FDA's Proposed Food Safety Rules: Investment Implications

 

By Sara Murphy | The Motley Fool

January 7, 2013

 

Last Friday, the FDA proposed major changes to the U.S.' food safety regulatory framework. If the new rules are approved, they will have significant implications up and down the food supply chain. Given the regulations' strong support from both government and industry, investors would be wise to consider the potential winners and losers.

 

I'll have a salad, hold the listeria.

The FDA's new rules, covering fresh produce and processed foods, have been a long time coming. While it is difficult to gauge whether the U.S. is experiencing more food contamination incidents in recent years or we have simply improved detection and reporting, the fact is that tainted food is sickening Americans to an unacceptable -- and preventable -- degree.

 

Consider for a moment some of the worst cases from the last two years.

 

 

The government estimates that contaminated food sickens 1 in 6 Americans every year. Of those, 130,000 are hospitalized and 3,000 die. Imagine not only the burden to our health care system, but the enormous economic impact of lost workdays. The FDA estimates that its proposed rules could prevent about 1.75 million illnesses annually.

 

Food companies also suffer mightily from such events, whether or not they were responsible. Readers will likely remember the rash of incidents in recent years. The process always seems to go as follows: People start getting sick, the food forensic squads are called in for the daunting task of pinpointing the origin, and various false sources are announced in the media before the ultimate culprit is identified. The market for not only the guilty food, but also all others suspected along the way, dries up overnight. This touches all growers and processors, not just the one that caused the problem.

 

This dynamic led major food industry groups like the Grocery Manufacturers Association to support the Food Safety Modernization Act, or FSMA, which Congress passed in 2010. You might be surprised to see corporate interests supporting more regulation of their industry, but when they pay the price for others' failures, they have an incentive to force better practices across the board.

 

Beneficiaries

It's difficult to make an objective measurement of which specific food processors and growers are best positioned to benefit from the legislation.

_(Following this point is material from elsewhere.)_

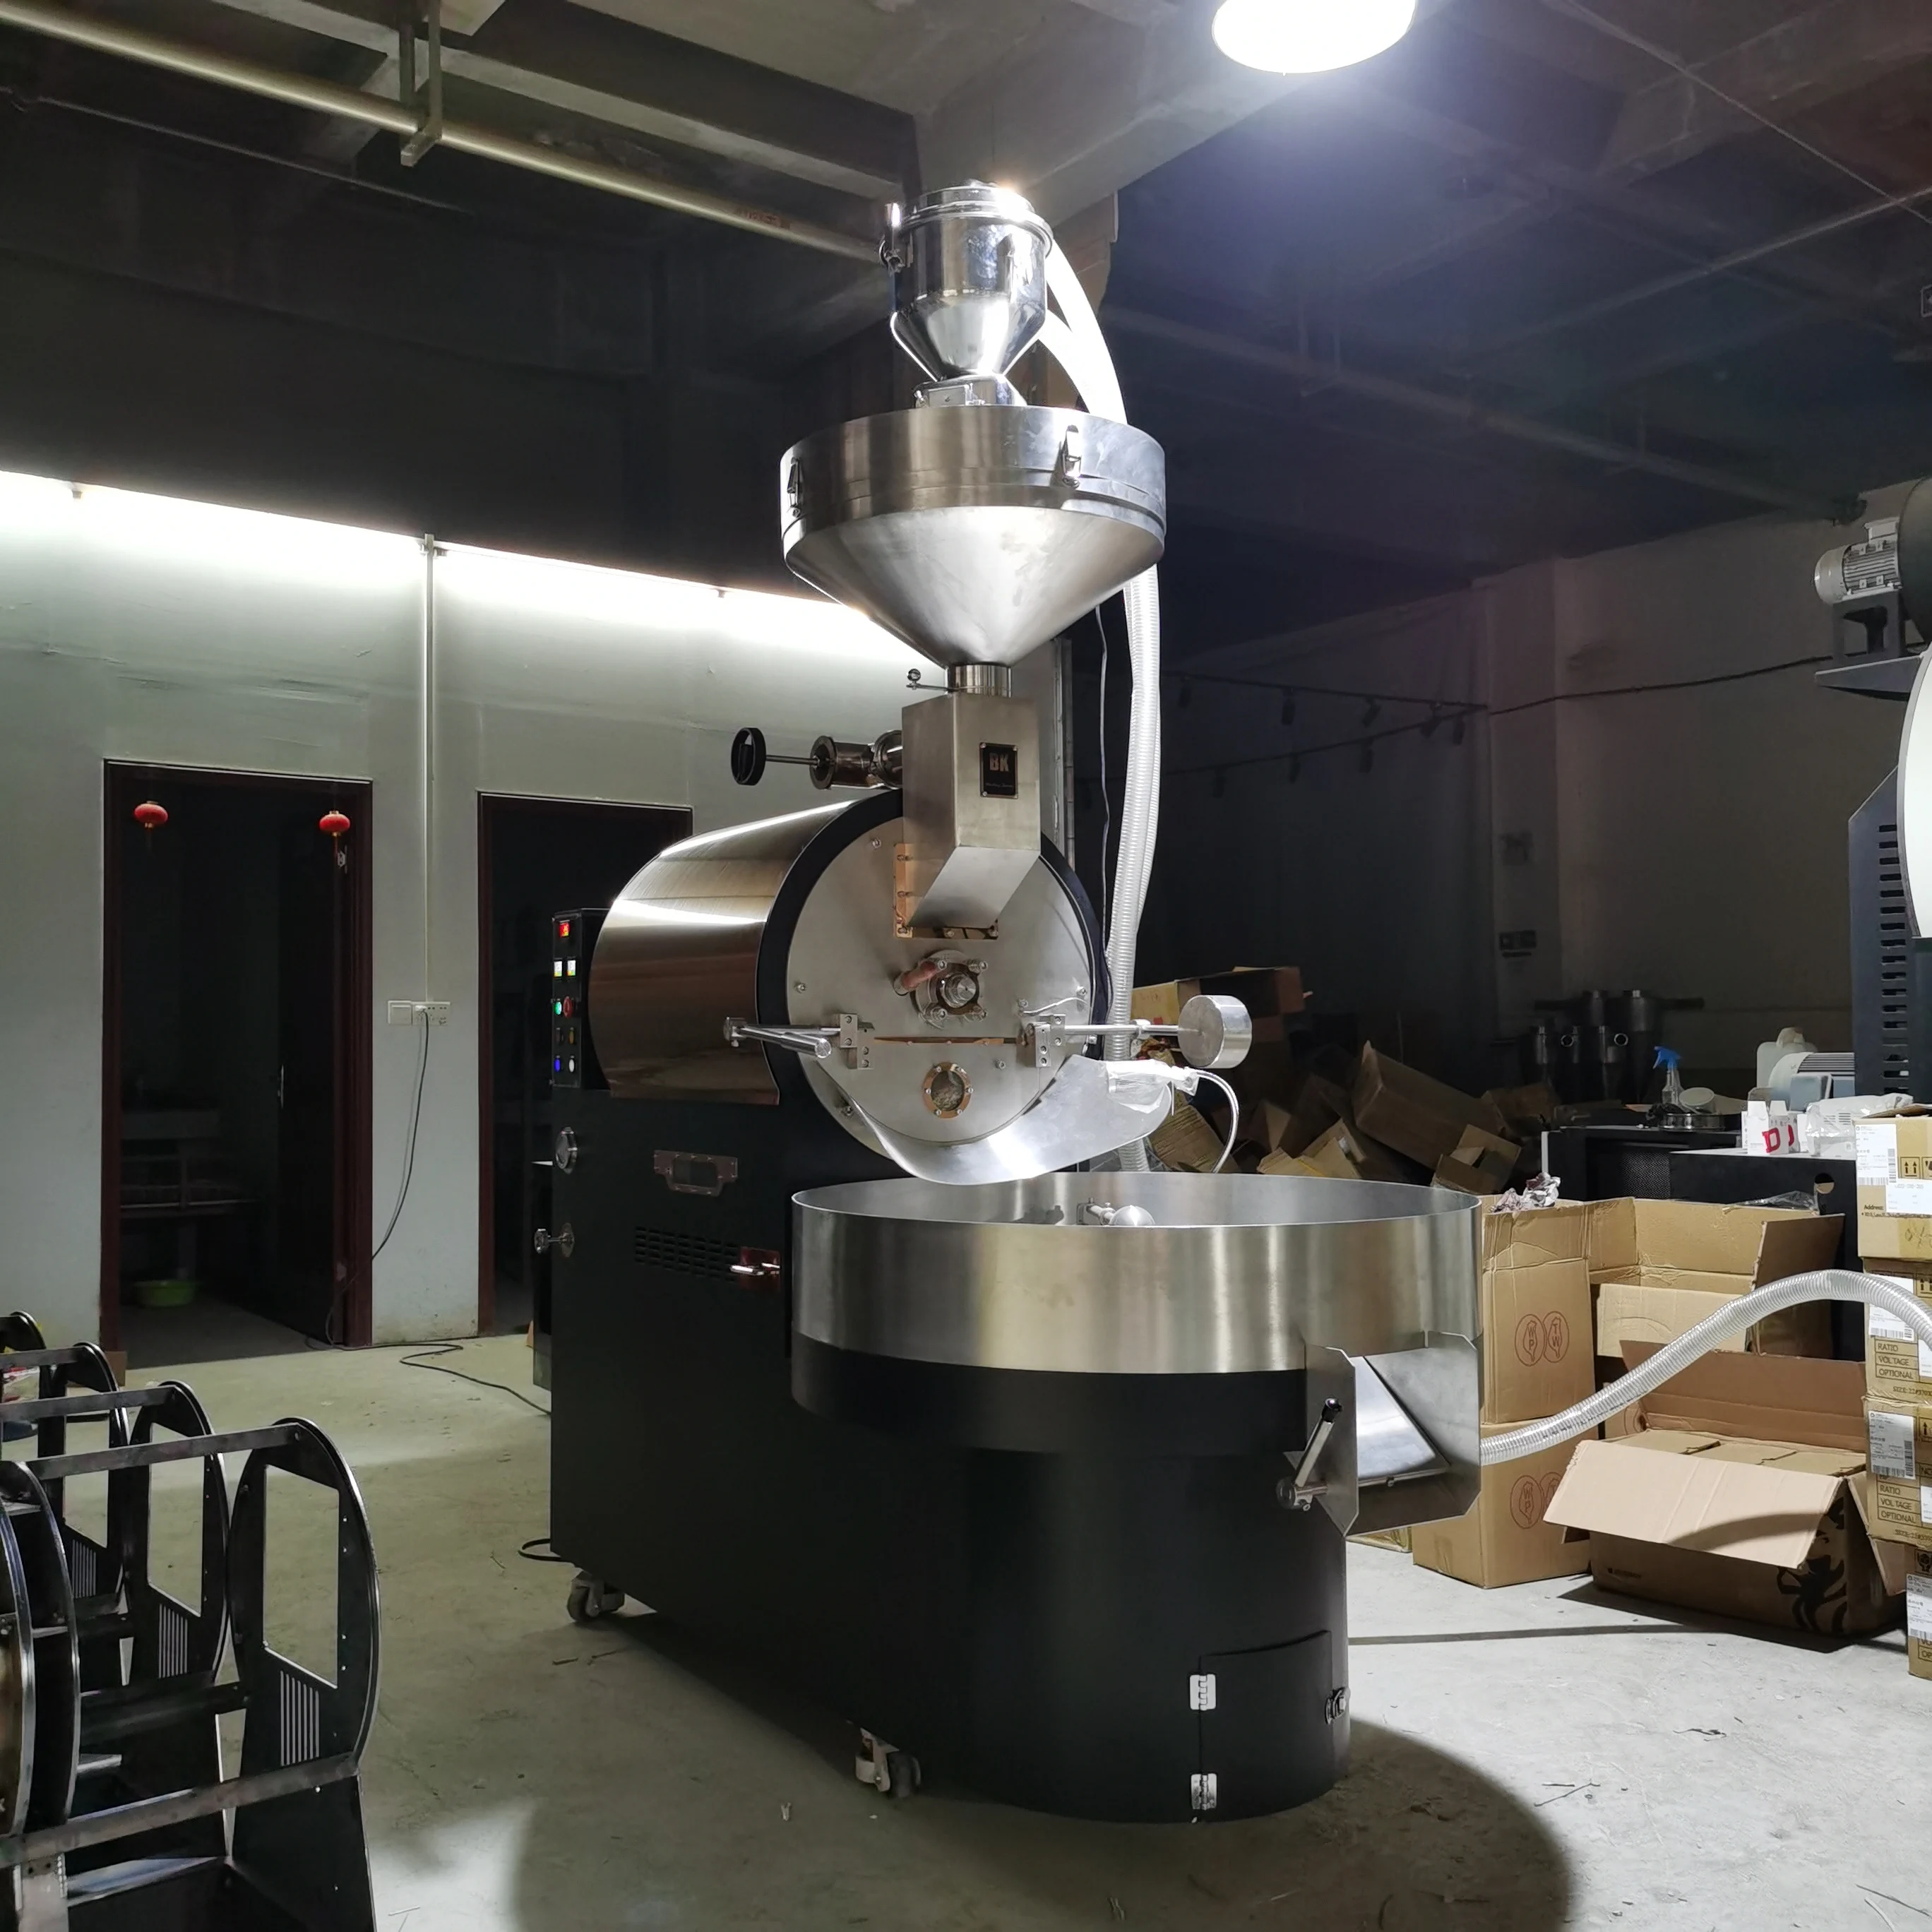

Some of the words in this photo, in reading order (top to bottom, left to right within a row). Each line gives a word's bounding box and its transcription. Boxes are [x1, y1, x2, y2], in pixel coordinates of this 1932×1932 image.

According to Tony Corbo of Food and Water Watch, companies' food safety plans are proprietary documents, so it's hard to gauge which companies have already implemented strong internal processes. However, it is possible to see examples of companies that are already operating according to best practices.

 

For instance, Sandra Eskin of The Pew Charitable Trusts' Food Safety Campaign describes testing end products for contamination as an important element of a strong food safety program. In 2011, Costco (NASDAQ: COST  ) began requiring its suppliers of bagged produce to test for a broad range of E. coli. This increases costs for growers, and Costco has backed up its requirement by paying the extra cost ($0.03 a bag for spinach, for example).

 

Another indicator that a company is ready for the new regulations is the extent of that company's support for them. ConAgra Foods (NYSE: CAG  ) has been a vocal supporter of the FSMA, and is positioning itself as a leader in food safety and a beneficiary of the legislation...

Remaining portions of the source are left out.